The problem ->
Return each record unchanged and drop the images.

Annotated photo localization data:
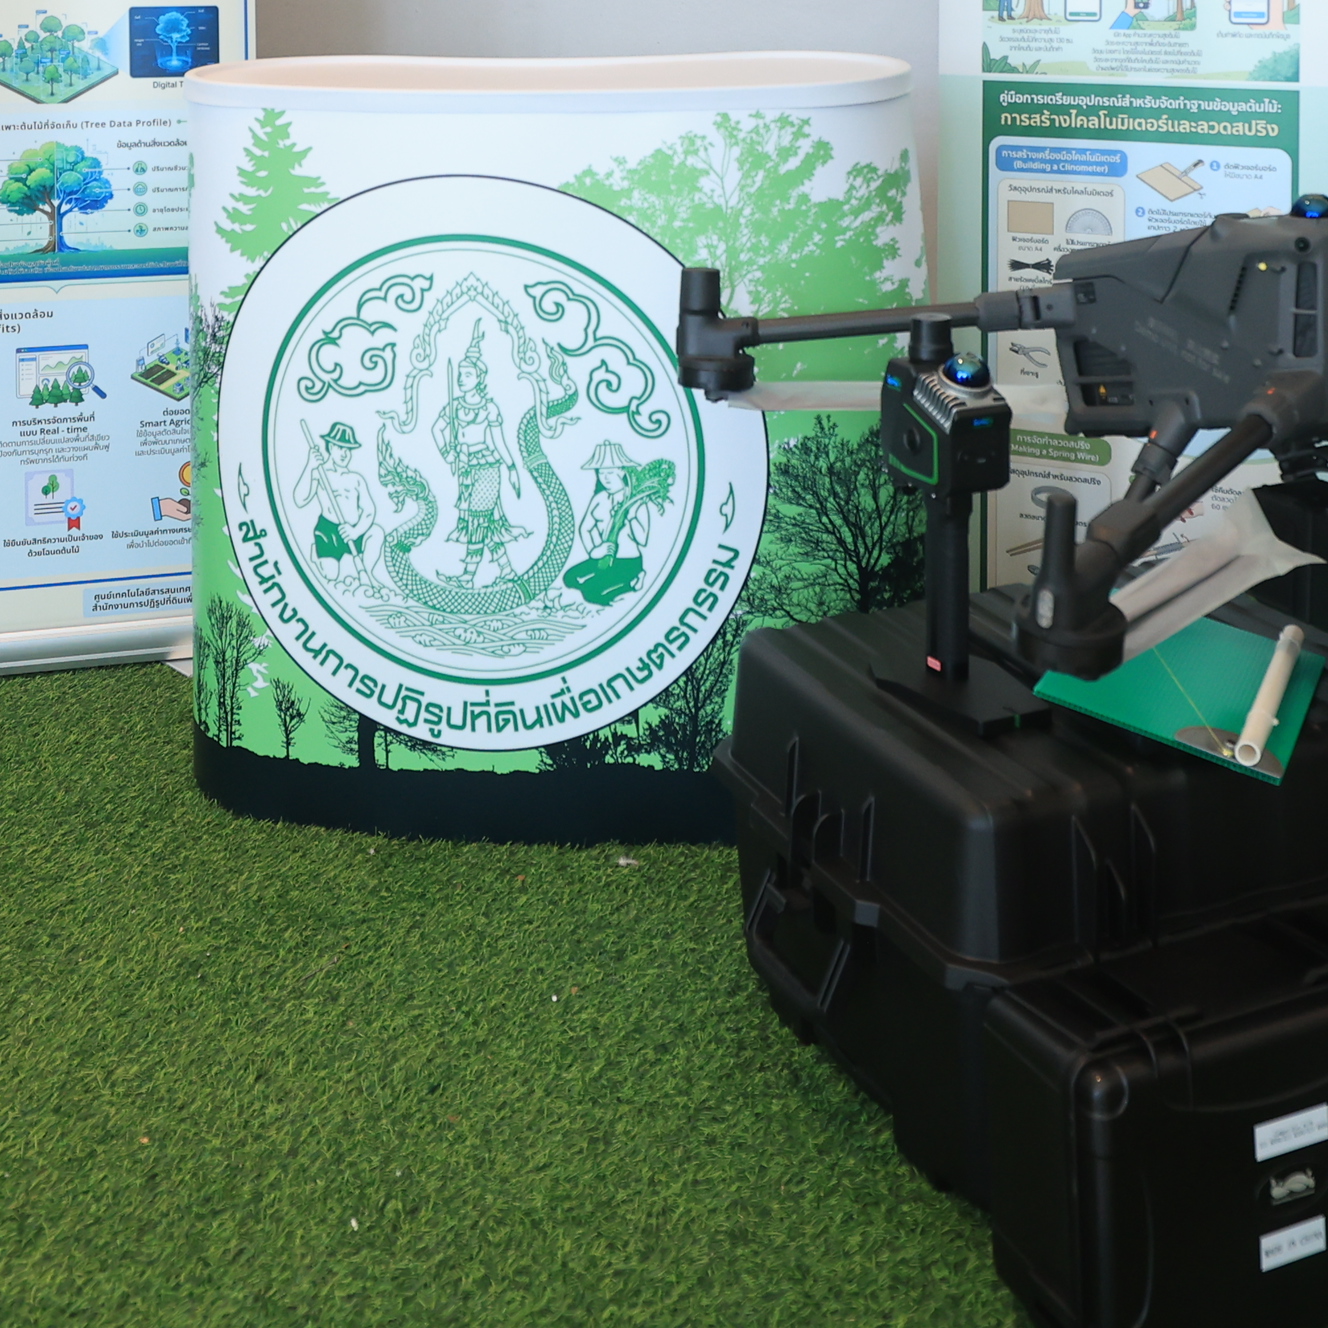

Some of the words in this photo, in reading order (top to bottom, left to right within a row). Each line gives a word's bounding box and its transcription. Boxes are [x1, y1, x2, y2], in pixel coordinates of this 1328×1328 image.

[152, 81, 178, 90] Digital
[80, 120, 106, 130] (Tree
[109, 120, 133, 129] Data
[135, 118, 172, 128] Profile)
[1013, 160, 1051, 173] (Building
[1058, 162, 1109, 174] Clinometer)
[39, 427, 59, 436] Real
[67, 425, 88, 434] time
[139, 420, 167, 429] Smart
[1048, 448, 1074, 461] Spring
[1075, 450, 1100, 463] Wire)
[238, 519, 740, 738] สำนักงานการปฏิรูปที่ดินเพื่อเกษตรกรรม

Result of this exercise ->
Some of the words in this photo, in reading order (top to bottom, left to right within a row). Each line gives a word's bounding box and its transcription. Boxes are [x1, y1, x2, y2], in pixel coordinates of this 1328×1328 image.

[152, 81, 178, 90] Digital
[80, 120, 106, 130] (Tree
[109, 120, 133, 129] Data
[135, 118, 172, 128] Profile)
[1013, 160, 1051, 173] (Building
[1058, 162, 1109, 174] Clinometer)
[39, 427, 59, 436] Real
[67, 425, 88, 434] time
[139, 420, 167, 429] Smart
[1048, 448, 1074, 461] Spring
[1075, 450, 1100, 463] Wire)
[238, 519, 740, 738] สำนักงานการปฏิรูปที่ดินเพื่อเกษตรกรรม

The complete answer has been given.